High triglyceride levels are commonly seen in clinical practice. It can increase the risk of cardiovascular disease, and when extremely high, it can cause acute pancreatitis.
Please find below NLA recommendations on how to manage hypertriglyceridemia. Guidelines were published on April 2015. The text has been slightly modified for easier and succinct reading.
GT
Also see:
Journal of Clinical Lipidology
Guidelines
April 2015
Prospective epidemiologic studies and meta-analyses have demonstrated a positive relationship between serum triglyceride levels and incidence of ASCVD, although the mechanisms responsible for this association are not fully understood. Possible pathophysiological links include
- The atherogenicity of smaller species of triglyceride-rich remnant lipoprotein particles that may enter the subendothelial space;
- Elevated triglycerides may act a marker of increased concentrations of atherogenic particles (apo B–containing, apo C3–containing, small dense LDL particles); and
- Triglycerides are associated with other metabolic disturbances (insulin resistance, inflammation, endothelial dysfunction, hypercoagulation, and lower reverse cholesterol transport). An elevated triglyceride concentration is also a component of the metabolic syndrome.

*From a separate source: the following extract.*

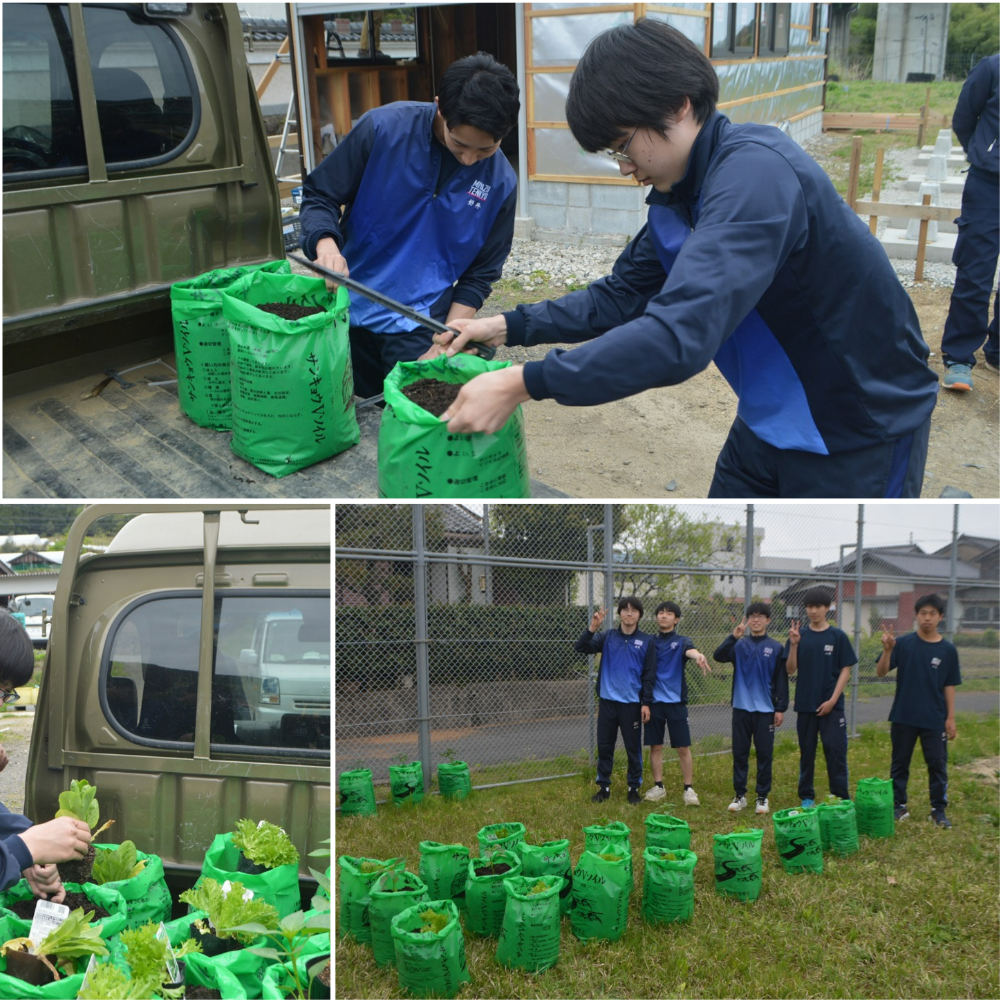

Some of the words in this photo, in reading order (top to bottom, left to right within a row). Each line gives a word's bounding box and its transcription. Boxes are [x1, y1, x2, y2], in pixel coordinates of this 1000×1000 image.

The NLA Expert Panel agreed that an elevated triglyceride level is not a target of therapy per se, except when very high >500 mg/dL. When triglycerides are between 200-500 mg/dL, the targets of therapy are non-HDL and LDL. Fasting triglyceride levels of >500 mg/dL (and especially >1000 mg/dL) are associated with an increased risk of acute pancreatitis. Although significant CHYLOMICRONEMIA generally does not occur until the fasting triglyceride level is substantial >500 mg/dL (~750 mg/dL), there is no single threshold of triglyceride concentration above which pancreatitis may occur, and it can be exacerbated by other risk factors.
A threshold of >500 mg/dL was selected to define very high triglycerides because the triglyceride level fluctuates markedly and such individuals are at risk for developing more severe hypertriglyceridemia. A cohort study that examined the risk for acute pancreatitis according to the degree of hypertriglyceridemia (triglycerides <150, 150–499, >500 mg/dL) in >65,000 subjects found a significant dose-response relationship between triglyceride concentration and incident acute pancreatitis during 15 years of follow-up.
The risk increased 4% for each 100 mg/dL increase in triglyceride level (after adjustment for covariates and removal of patients hospitalized for gallstones, chronic pancreatitis, alcohol-related comorbidities, renal failure, and other biliary diseases). Thus, when the triglyceride concentration is very high (>500 mg/dL, and especially if >1000 mg/dL), reducing the concentration to <500 mg/dL to prevent pancreatitis becomes the primary goal of therapy. There are limited clinical trial data to support the benefits of triglyceride-lowering therapy for reducing the risk of pancreatitis.